Summary: The scandal of grace transforms sinners from death and darkness to life and light in Christ.

During a British conference on comparative religions, experts from around the world debated what, if any, belief was unique to the Christian faith.

They began eliminating possibilities. Incarnation? Other religions had different versions of gods appearing in human form. Resurrection? Again, other religions had accounts of return from death.

The debate went on for some time until C.S. Lewis wandered into the room. "What's the rumpus about?" he asked, and heard in reply that his colleagues were discussing Christianity's unique contribution among world religions. Lewis responded, "Oh, that's easy. It's grace." After some discussion, the conferees had to agree.

The notion of God's love coming to us free of charge, no strings attached, seems to go against every instinct of humanity. The Buddhist eight-fold path, the Hindu doctrine of Karma, the Jewish covenant, and Muslim code of law-each of these offer a way to earn approval. Only Christianity dares to make God's love unconditional.


A. It is shocking to many to hear that they can't do anything to earn entrance into Heaven. The notion of grace is beyond human comprehension. By our nature, we want to merit God's favor. The scandal of grace challenges our normal way of thinking.

[Nicodemus is a man who doesn't understand grace. The scandal of grace and new birth moves us from darkness to light in Christ. OYBT John 3]
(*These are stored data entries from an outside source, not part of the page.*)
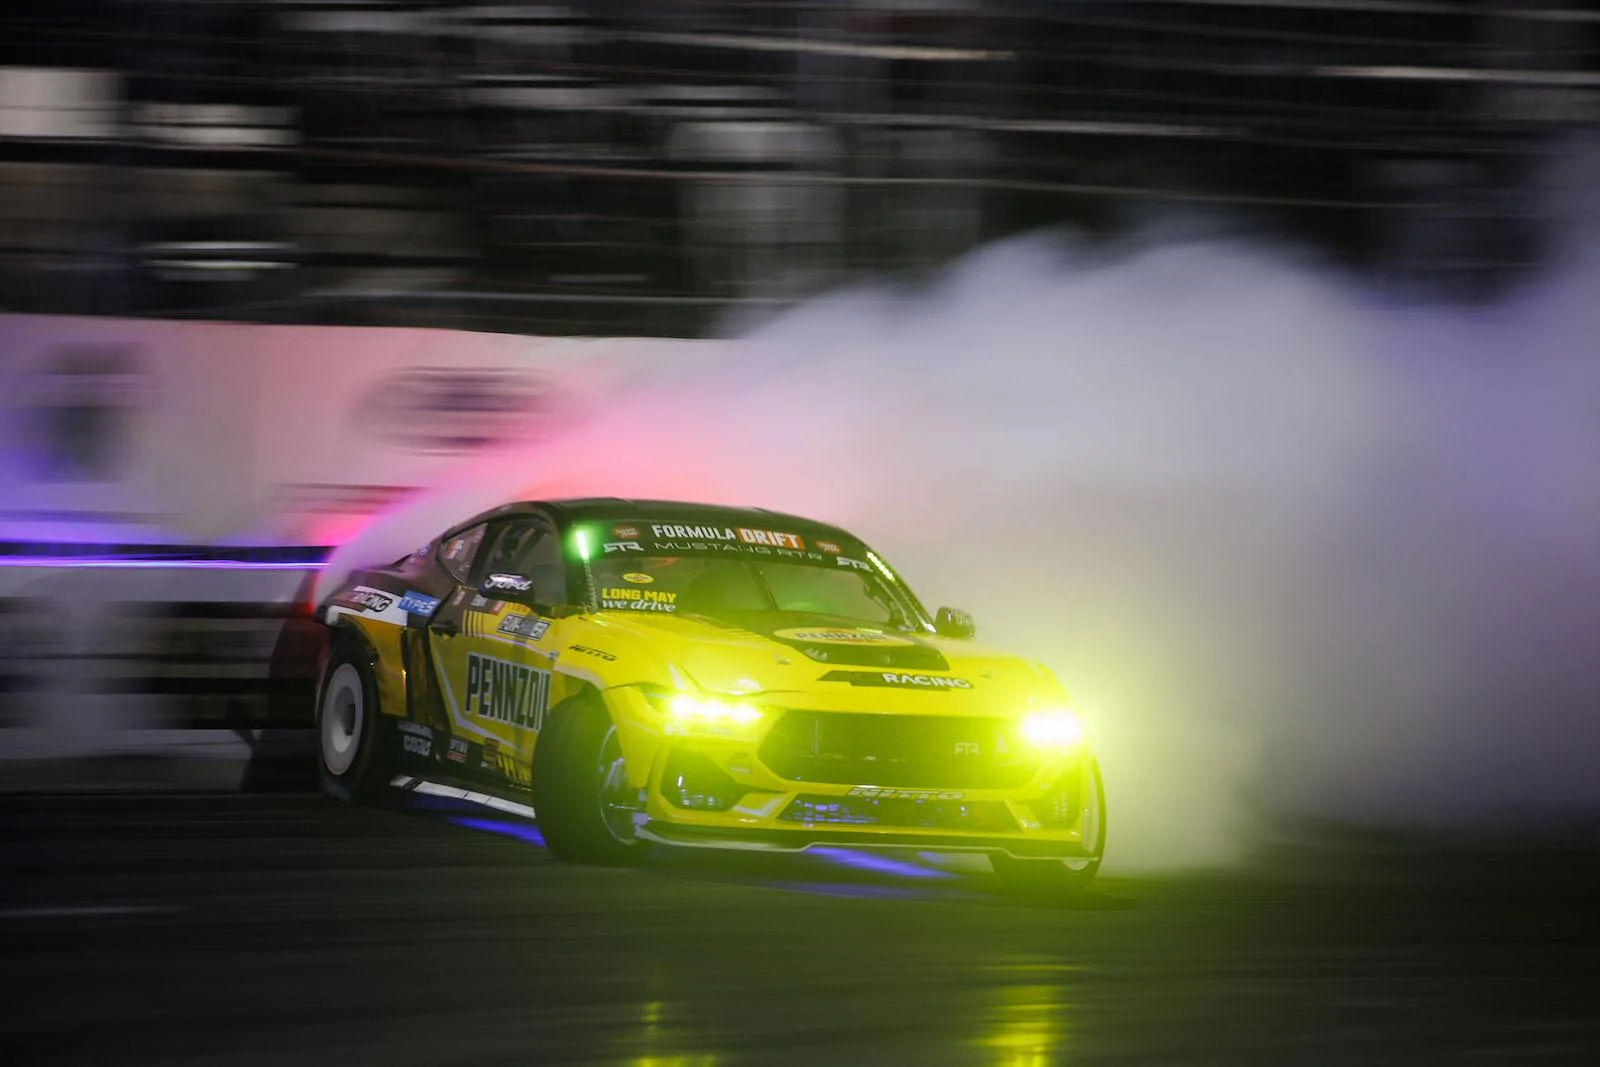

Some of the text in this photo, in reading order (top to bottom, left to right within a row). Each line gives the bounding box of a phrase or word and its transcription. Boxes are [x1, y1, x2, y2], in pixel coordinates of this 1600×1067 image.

[651, 524, 737, 541] FORMULA
[739, 527, 800, 549] DRIFT
[654, 541, 772, 555] MUSTANG
[484, 573, 532, 591] Ford
[602, 588, 677, 603] LONG MAY
[602, 599, 676, 612] we drive
[882, 673, 971, 689] RACING
[848, 787, 965, 800] NITTO
A. Nicodemus is a Pharisee: (1) A particular sect of Jews known for their pious living and adherence to the OT Law. The Pharisees developed a system of 613 laws: 365 negative and 248 positive laws. By the time Christ comes it is producing a heartless, cold, and arrogant brand of righteousness.

B. He is a member of the Sanhedrin: (1) the Jewish court (the Supremes) in Jerusalem from the Persian through the Roman period; it has both religious and political powers and comprises the elite (priestly and laity) of society. Seventy members with the High Priest as president.

C. He comes at night.

1. Perhaps out of fear, or careful regard for others' opinions. He is a prominent man "Israel's Teacher" trained and prepared for teaching. It would not look good for him to acknowledge this untrained teacher.

2. Perhaps to gain uninterrupted access to Jesus. Jesus always has a crowd around him, making a leisurely interview impossible. Nighttime allows a long, private discussion.

3. Perhaps in keeping with tradition of study; learning into the night hours. It may even be symbolic of darkness coming to light; i.e., the lost state of Nicodemus, respected by the Jews, and guilty before a holy God.

D. He opens courteously, even flatters Jesus, calling him "Rabbi" (v.2), "a teacher from God" (respectful); he comes as one teacher to another. Jesus cuts directly to his heart unless you are born again…

1. Jesus knows how Nicodemus lives. He has religion, but no relationship. He lives a pious life outwardly, but has not been changed inwardly. He is like many that call themselves Christians. They have all outward appearances of religion, yet have no relationship.

2. Nicodemus is confused. Jesus reminds him that he is Israel's teacher one who professes to know the things of God, and is able to teach others yet he cannot grasp this notion of grace. He still believes he must earn his salvation through his behavior.

[The scandal of grace transforms sinners from death and darkness to life and light in Christ.]


A. Nicodemus is intrigued by what Jesus says. In just a few minutes, Jesus crushes everything he believes about salvation. What he does, the way he lives, the things he teaches ALL GONE.

B. Imagine how difficult it is for the lost to embrace the notion of grace to accept the gospel message. All their lives, they have been misled, just like Nicodemus.

C. Don't slander them pray for them! Ask God to open their hearts to the truth of the gospel before it's too late. As you share the Gospel, don't focus on their past; focus on their future: made possible by Jesus! Many opportunities are lost because our methods are crass, callous, and heartless. Consider Jesus' example…it is none of these!

[The scandal of grace transforms sinners from death and darkness to life and light in Christ.]


A. DISBELIEF: Refusing to accept the truth of God's word: searching for an easier way

B. GUILT: God wants to trip me up, so I must do things to compensate for my failures. This works-based system allows me to deal with guilt by doing something good. (v. 17)

C. IGNORANCE: I'm a [good person], [church member], [haven't really sinned]; If I do the right things, I'll be OK (v.18)

D. LOVE OF SINFUL LIFESTYLE: Fear of the light I'm not giving up my way of life; I'm not hurting anyone; God doesn't care what I do. Apart from grace, we live in death and darkness.